Я готов жить только ради того, чтобы видеть каждый день твою мёртвую голову, торчащую на пике. У входа единственного в этом мире человека, которому я верю, и который дал мне надежду жить, самим своим существованием. Я знаю, я ему нужен. Он не чувствует, а я знаю, кругом одни враги, одни враги. Они хотят убить его, но я не позволю им это. Слышишь ты, враг врага, я не позволю убить последнюю родственную мне душу!!!
Лицо Ката исказилось и он, широко размахнувшись, метнул изогнутый африканский нож в грудь Раббиха. Как не пытался тот увернуться от ножа, но небольшое расстояние и слабость от потери крови, не оставили никаких шансов уйти от возмездия.
Сделав полный оборот, нож вонзился в грудь Раббиха, глубоко погрузившись в неё. В два прыжка преодолев расстояние между ними, Палач схватил голову Раббиха за волосы. Держа её левой рукой, он одним мощным движением ударил по шее коротким тесаком. Отделившаяся от тела, голова стала заливать всё кровью.
— Ааааа, — дикий звериный крик огласил всё окружающее пространство. Высоко подняв отрезанную голову султана, Палач кричал, заливаясь счастливым смехом. Его собственная кровь, вытекая из разорванной пулей щеки, смешивалась с кровью его врага, капающей ему на лицо из перерезанных вен и артерий.

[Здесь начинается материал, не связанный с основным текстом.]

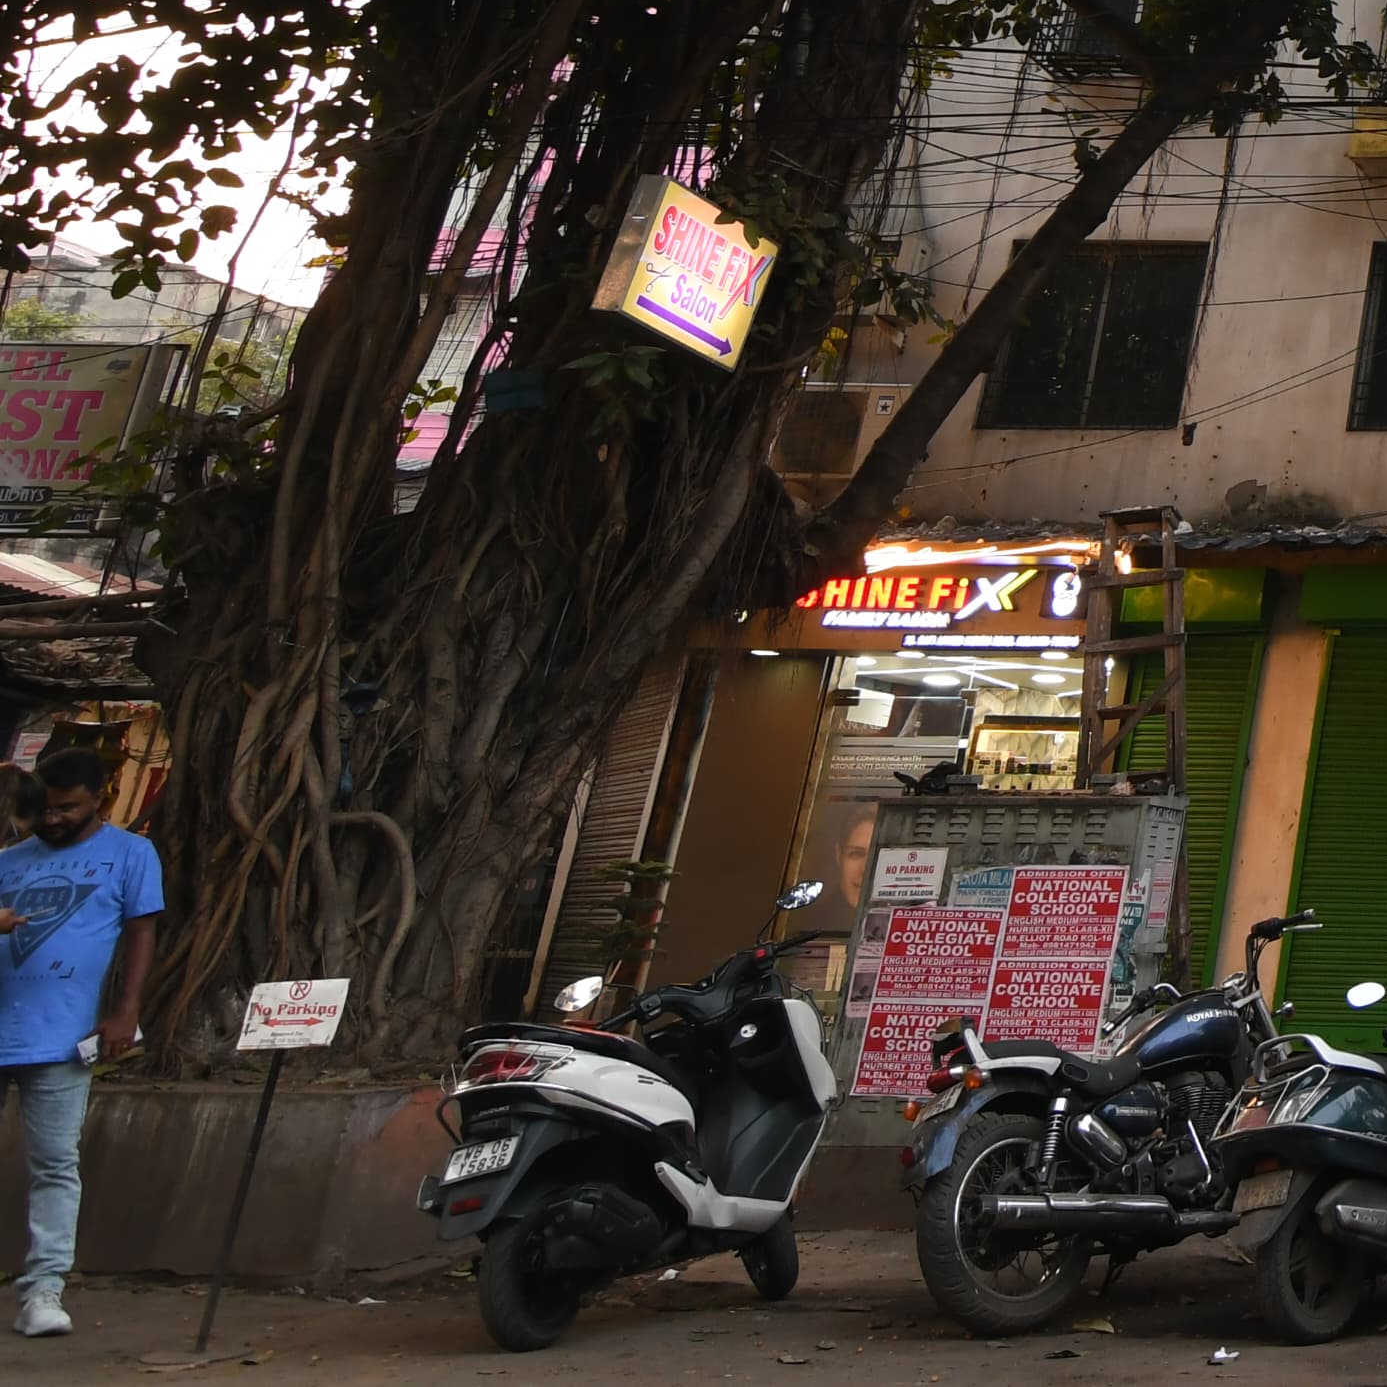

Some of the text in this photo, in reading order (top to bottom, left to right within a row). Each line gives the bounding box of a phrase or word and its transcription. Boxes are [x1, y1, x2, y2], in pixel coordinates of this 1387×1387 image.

[653, 205, 726, 285] SHINE
[670, 273, 718, 325] Salon
[0, 389, 104, 442] ST
[886, 865, 935, 875] NO PARKING
[1030, 880, 1112, 891] NATIONAL
[1014, 892, 1119, 903] COLLEGIATE
[895, 910, 1000, 919] ADMISSION OPEN
[1030, 904, 1097, 915] SCHOOL
[906, 920, 989, 933] NATIONAL
[1008, 917, 1045, 925] ENGLISH
[1046, 917, 1080, 925] MEDIUM
[891, 932, 997, 945] COLLEGIATE
[906, 944, 972, 956] SCHOOL
[884, 956, 919, 965] ENGLISH
[921, 957, 955, 966] MEDIUM
[884, 966, 927, 974] NURSERY
[1011, 972, 1094, 983] NATIONAL
[995, 984, 1101, 996] COLLEGIATE
[1011, 996, 1078, 1008] SCHOOL
[253, 1002, 338, 1017] No Parking
[874, 1004, 944, 1012] ADMISSION
[990, 1009, 1025, 1018] ENGLISH
[1027, 1009, 1060, 1018] MEDIUM
[886, 1015, 948, 1027] NATION
[870, 1027, 936, 1039] COLLEG
[885, 1040, 931, 1051] SCHO
[863, 1052, 931, 1061] ENGLISH MEDIU
[491, 1138, 512, 1155] 06

Первый и, наверное, последний раз, в своей взрослой жизни, Кат был счастлив. Его радость передалась и воинам его отряда, а потом, и воинам Момо, узнавшим о гибели вождя противника.
Войско Раббиха стало разбегаться. Яростно настёгивая верблюдов плетками, умчались выжившие в схватке верблюжьи всадники. Бежали, бросая на ходу ставшее обузой оружие, воины султаната. Их догоняли выстрелы и ножи в спину, сбивали с ног, опрокидывая в сухую землю и колючую, жёсткую траву. Сражение было выиграно!
Итоги его были не так однозначны. Из пяти тысяч воинов Момо, половина осталась на поле боя, ещё около тысячи было ранено. Живыми и здоровыми осталось, едва ли, полторы тысячи, да четыреста воинов Палача, вот и весь отряд.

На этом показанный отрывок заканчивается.